Disclosure Language Regarding HLSS and Proposed Transactions between Ocwen and HLSS as Reported on Page 32 of Ocwen’s Form 10-Q for the Fiscal Quarter Ending June 30, 2011:

    Ocwen is pursuing a strategic opportunity that over time could significantly reduce the amount of capital we require through our relationship with a newly formed entity called Home Loan Servicing Solutions, Ltd. (HLSS). Initially formed by Ocwen’s Chairman, William C. Erbey, HLSS intends to acquire and hold MSRs and related servicing advances in a more efficient manner than is currently feasible for Ocwen. HLSS and Ocwen intend to enter into an agreement pursuant to which HLSS will purchase a substantial portion of the MSRs and related servicing advances (the Acquisition) that Ocwen acquired in connection with the HomEq Acquisition. HLSS will also assume the related match funded liabilities under the HomEq Servicing advance facility.
 
    Ocwen has proposed a change in the structure of the Acquisition. Rather than selling the identified MSRs at the closing of the Acquisition, Ocwen now plans to sell the right to receive the servicing fees, excluding ancillary income, relating to such MSRs (Rights to MSRs). Under this structure, Ocwen would initially retain legal ownership of the MSRs and continue to service the related mortgage loans. Ocwen will be obligated to transfer legal ownership of the MSRs to HLSS once the required third party consents are obtained. The sale of the Rights to MSRs to HLSS would achieve an economic result for Ocwen substantially identical to a sale of the MSRs. All other elements of the Acquisition remain the same in all material respects, and Ocwen believes that this change will not have a material impact on the strategic or financial benefits that Ocwen anticipated it would realize from the Acquisition as originally structured.
 
    As part of the Acquisition, which HLSS intends to finance through proceeds from an initial public offering of its ordinary shares, HLSS plans to engage Ocwen to subservice the MSRs if and when the third party consents required to own the MSRs directly are obtained, and Ocwen will receive a fee for performing this function pursuant to a subservicing agreement. Ocwen may use this cash in any combination to pay down debt, repurchase stock or purchase additional MSRs. Ocwen expects that the reduction in the equity required to run Ocwen’s servicing business will be relatively greater than the reduction in net income, thus improving the return on equity of its servicing business.
 
    HLSS may acquire additional MSRs or rights similar to the Rights to MSRs from Ocwen and enter into related subservicing arrangements with Ocwen in the future.

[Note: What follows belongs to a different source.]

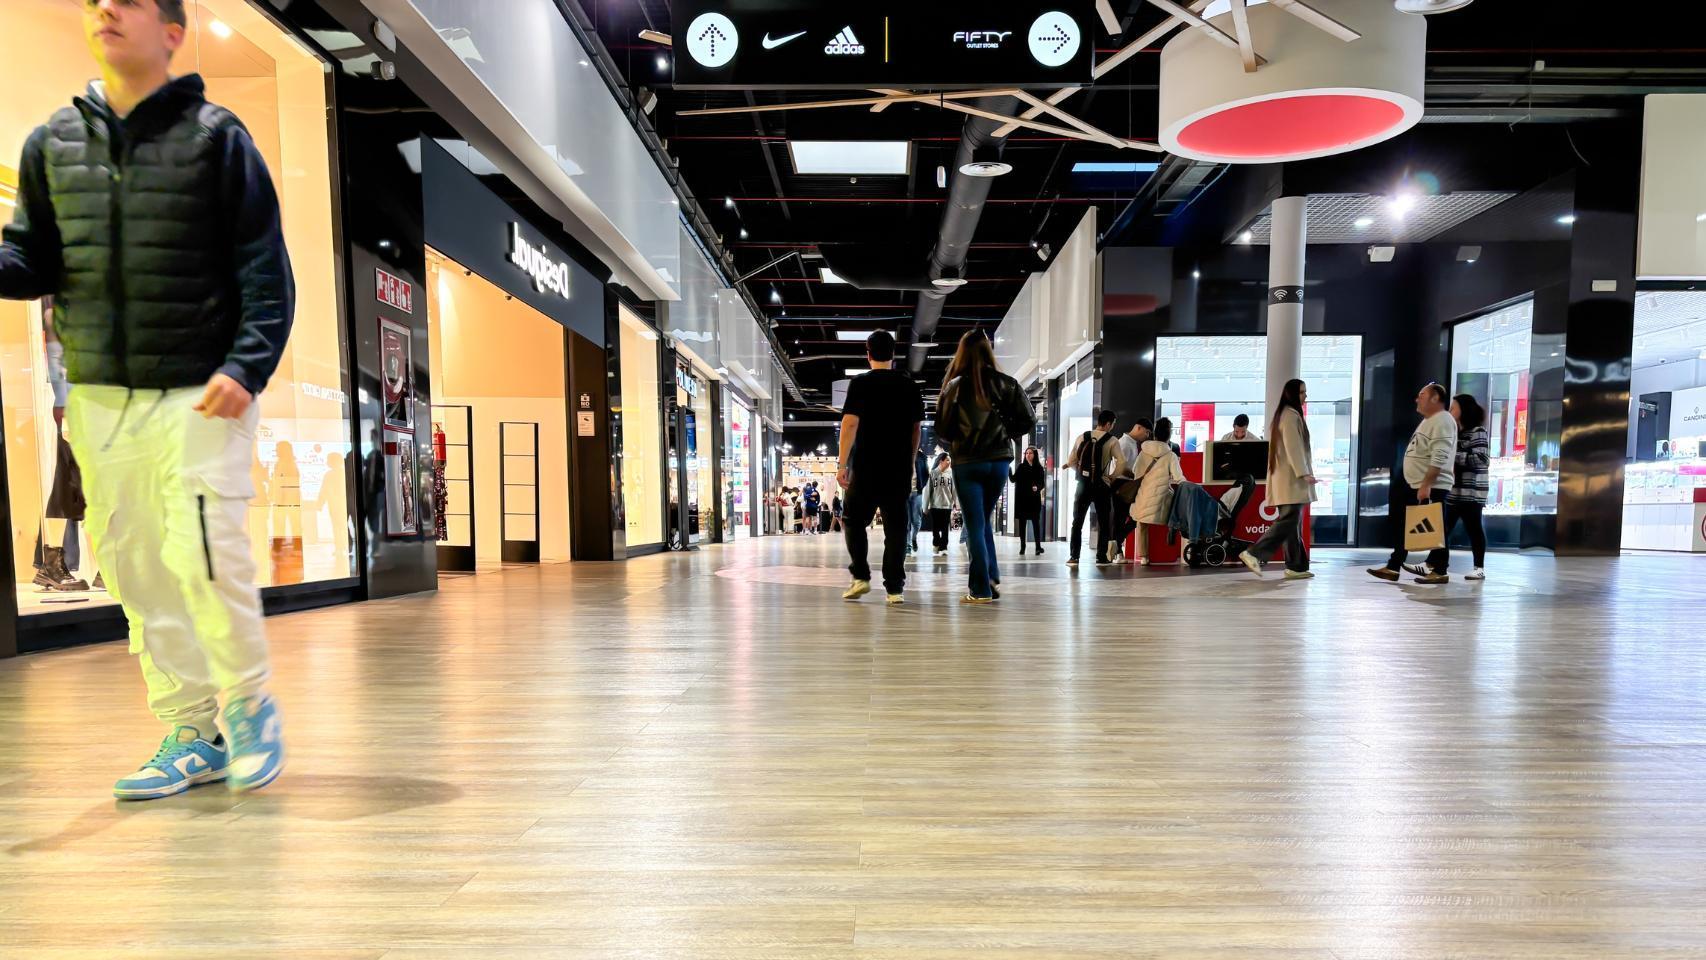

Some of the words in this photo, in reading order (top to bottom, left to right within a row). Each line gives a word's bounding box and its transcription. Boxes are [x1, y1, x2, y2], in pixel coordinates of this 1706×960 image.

HLSS may also acquire MSRs from third parties which could increase the benefit of this strategy to Ocwen by boosting the size of its subservicing portfolio with little or no capital requirement on the part of Ocwen if HLSS chooses to engage Ocwen as a subservicer on these acquisitions. If HLSS is successful in acquiring all or most of Ocwen’s portfolio of MSRs, Ocwen could evolve over time into a “capital-light” fee-for-service business. Ocwen cannot assure you that it will consummate the sale of MSRs or Rights to MSRs to HLSS, or that HLSS will continue to engage Ocwen as subservicer. Any Rights to MSRs to be acquired in the Acquisition and in any subsequent acquisitions will be subject to customary closing conditions.